Sunday, November 20, 2005

The Whimsical Skies

Ok, my blog title promises fairy tales so I'm finally getting down to it and posting a little vignette. Enjoy!


The Whimsical Skies


I my hand I am holding the moon, and its face is smiling benignly back up at me. I had thought it would take up rather more space in my hand, but there it is- a silvery grape no wider than a dime.

Its brilliance remains unabated, no matter how disappointing the size, and makes the coarse sand of the beach appear covered in snow. In fact I am amazed at how much light shines from it and that it doesn't hurt my eyes to look at it so close. I wonder how I, standing on the edge of an island near midnight, could have caught this beauty in my hand.

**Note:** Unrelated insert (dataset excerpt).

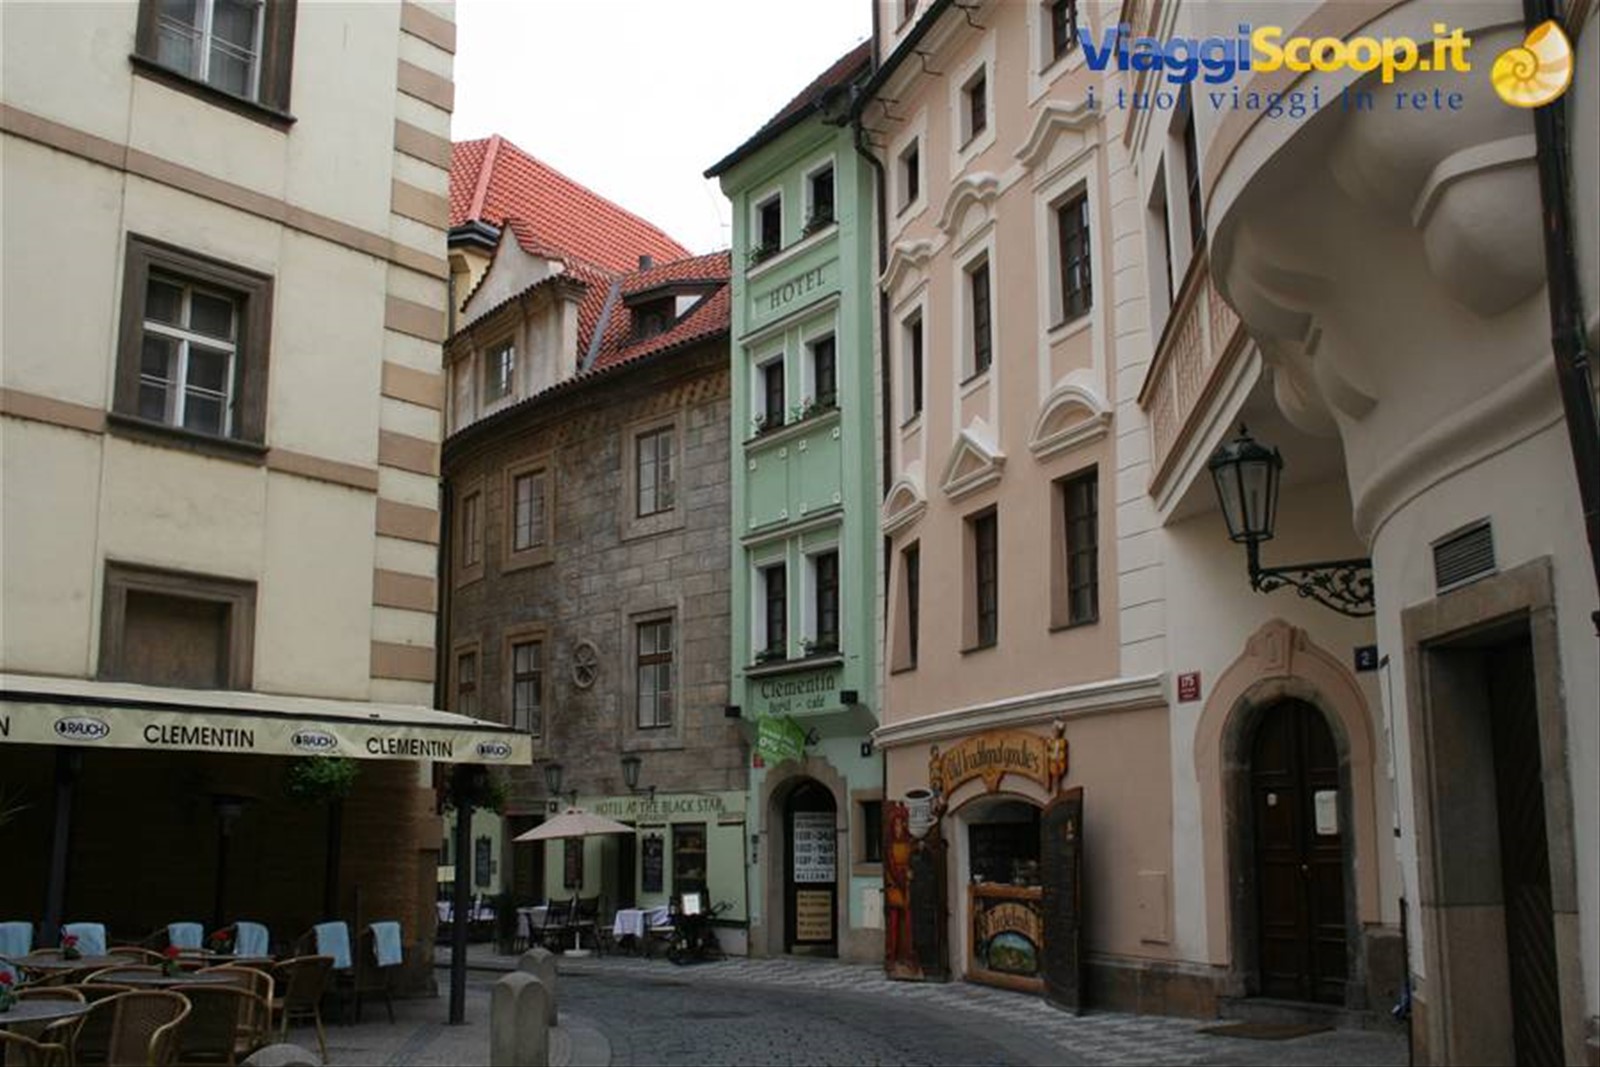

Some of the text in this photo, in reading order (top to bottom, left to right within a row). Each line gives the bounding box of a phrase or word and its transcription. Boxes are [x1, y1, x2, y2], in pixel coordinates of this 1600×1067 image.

I am afraid. I remember the fragile balance by which things are held together, and I fear I have destroyed the balance of earth and sun, so I glance sharply back up at the sky. All the stars are silent, and Orion gazes heedlessly past. None of the heavenly bodies care that this moon is now mine, glowing just as happily in my hand as it did in the sky.

I am happy but jealous of my moon, which does nothing but smile and shine. I decide I will keep her, hide her, make a setting in a necklace for her. No one else has a moon- this moon is mine.

The tide has been slowly climbing the beach. It has reached my bare, cool toes, and is beginning to eat away at the sand beneath my feet. I turn and scramble over the logs at the high tide line, watching as the waves slowly grow larger and higher, breaking against weathered logs and pulling them out to sea.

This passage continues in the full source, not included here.